Being prepared for storm season goes beyond buying batteries and stocking up on bottled water - it starts right within your home or business by asking yourself “Where will I be when disaster strikes?” No one likes to imagine the unthinkable, but the facts are clear that global warming is causing natural disasters to occur more frequently, and with increased intensity across the United States than at any time in U.S. history. In Florida, deadly hurricanes and tornados are simply a fact of life.

During a hurricane or tornado, windborne debris ranging from broken building materials to common household items can become deadly flying missiles. Unfortunately, masonry, framing and sheet rock alone are not designed to stop this kind of threat. If a tornado suddenly appears, or a hurricane lands close to home, it is critical to have a safe, close, and secure place that is easily accessed.

Not knowing when or where a tornado may strike makes them especially dangerous. This fact alone can reduce the chances that you will have the time to look around for adequate shelter in the moments a tornado approaches. Windsor and Florence can provide you, your family, and your employees with a secure, sheltered environment that has the protection you will need during these storms, right in your own home or office.
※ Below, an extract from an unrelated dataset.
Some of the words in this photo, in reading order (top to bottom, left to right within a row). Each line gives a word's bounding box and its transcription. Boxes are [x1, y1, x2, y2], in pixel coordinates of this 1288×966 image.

small hurricane, 34448 Homosassa Springs, Hernando County, Florida

Retrofitted Safe Rooms

Retrofitted storm shelter construction involves building a new, free-standing room within an existing room. Often times certain window-less rooms located near the center of the building such as: bathrooms, walk-in storage closets, walk-in pantries, or extra space in the garage can serve more than one purpose and be modified as a secure safe room. This method makes more efficient use of existing space, but will generally result in a small loss of floor, interior wall, and ceiling height space. In many of today’s homes and businesses this slight loss of space will hardly be noticed or missed.
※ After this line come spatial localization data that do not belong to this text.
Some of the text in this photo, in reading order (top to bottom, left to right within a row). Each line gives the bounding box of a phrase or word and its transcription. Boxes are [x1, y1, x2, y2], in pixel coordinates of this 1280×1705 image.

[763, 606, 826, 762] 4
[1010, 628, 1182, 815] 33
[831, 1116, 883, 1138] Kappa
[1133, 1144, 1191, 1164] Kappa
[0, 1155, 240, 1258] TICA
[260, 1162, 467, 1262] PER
wood safe room in inverness, 34452

This new freestanding safe room will be structurally separate from the surrounding house or building and not be attached to any existing walls or ceiling – it will only be anchored to an adequately poured concrete floor so that even if the surrounding building is destroyed to the foundation, the storm shelter will remain intact - thus offering "Near Absolute Protection" to the occupants. This method involves modifying and making all changes necessary to strengthen an existing room or area of a home or office so that it will provide the required resistance to wind forces, and windborne debris impact according to FEMA 320 (Federal Emergency Management Agency).
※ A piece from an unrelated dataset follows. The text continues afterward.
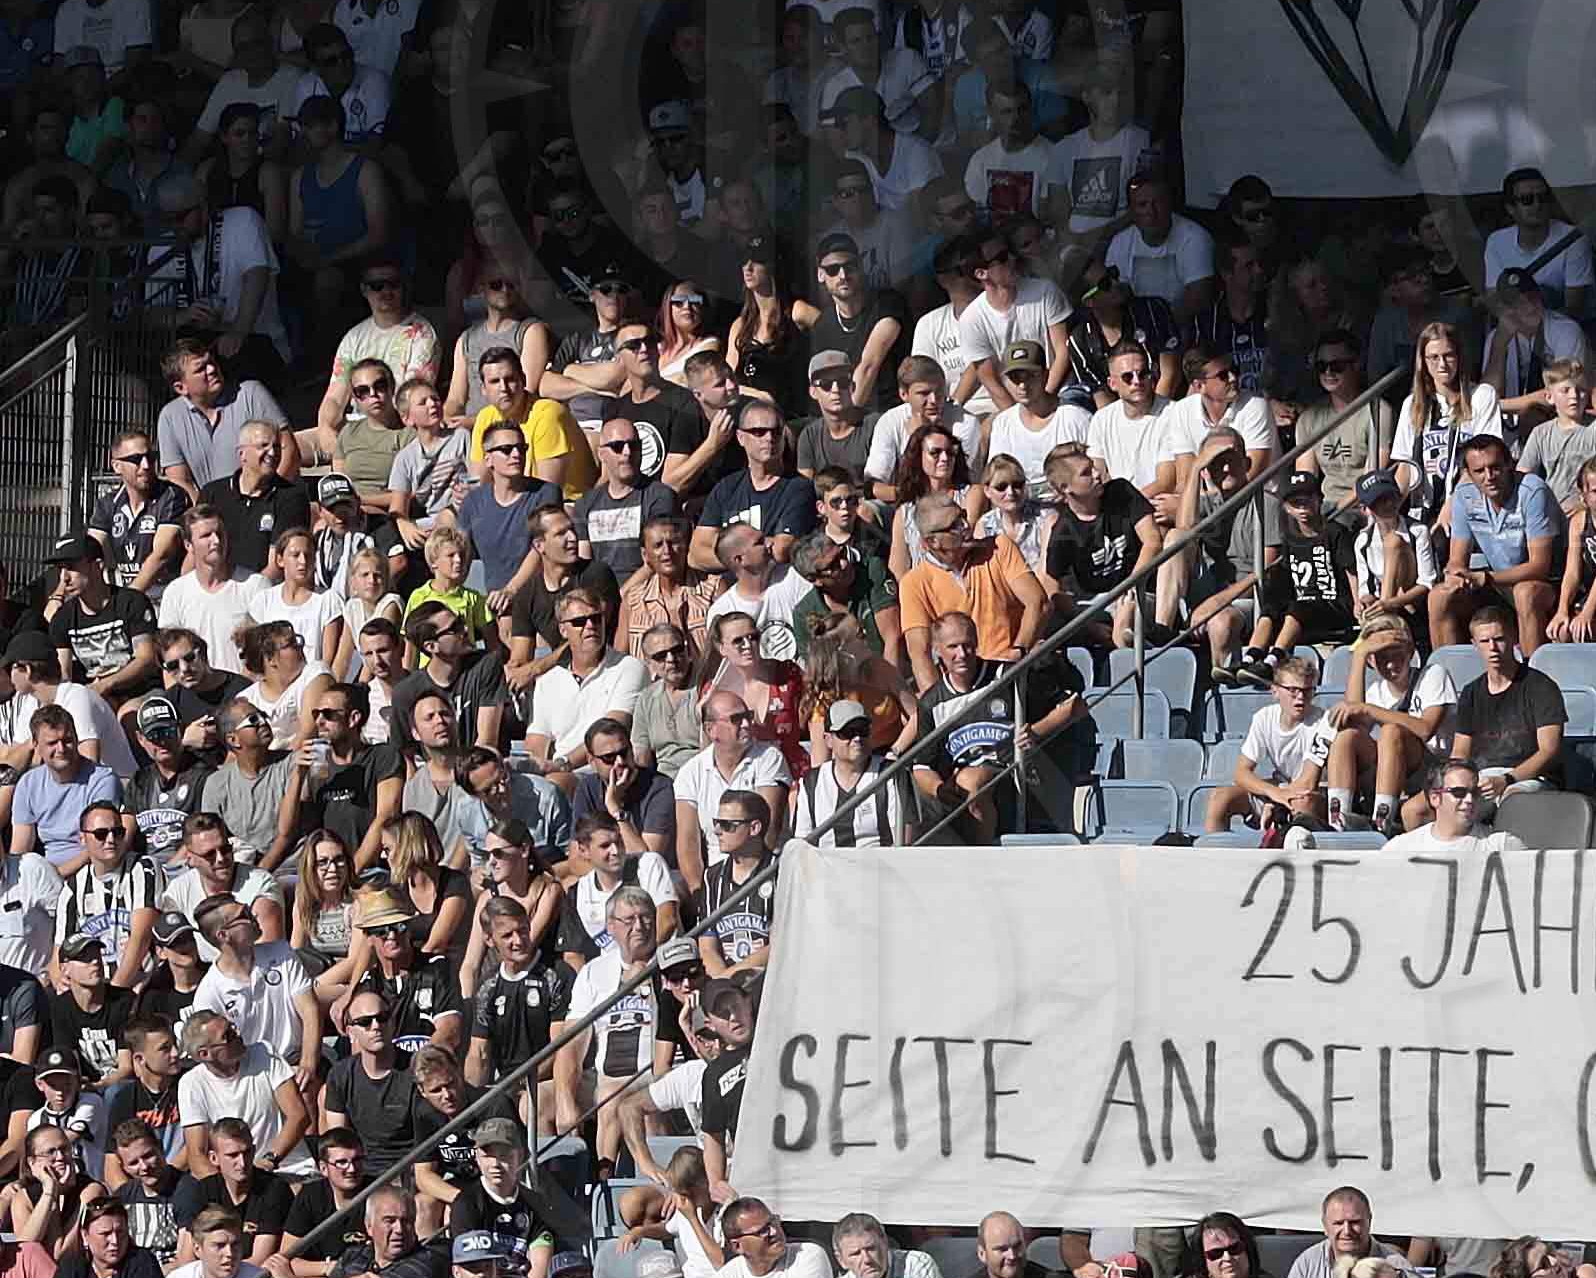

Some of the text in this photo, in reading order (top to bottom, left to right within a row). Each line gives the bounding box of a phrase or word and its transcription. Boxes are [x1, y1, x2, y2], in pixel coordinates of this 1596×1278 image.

small tornado, 34431 Sugar Mill Woods, Citrus County, Florida

Storm Shelter Additions

New additions generally cost slightly more than retrofitting, but if space is tight from the onset, a new addition will give you the flexibility of adding additional square footage for possibly a new bathroom or walk-in closest that is specifically built as a safe room. When undertaking the adventure of altering your existing home or office to construct a safe room, it is often a great time to build just a little more additional space for other living needs as well – a new den, larger kitchen etc. If zoning permits, a garage addition, or carport will also be an ideal location for a safe room.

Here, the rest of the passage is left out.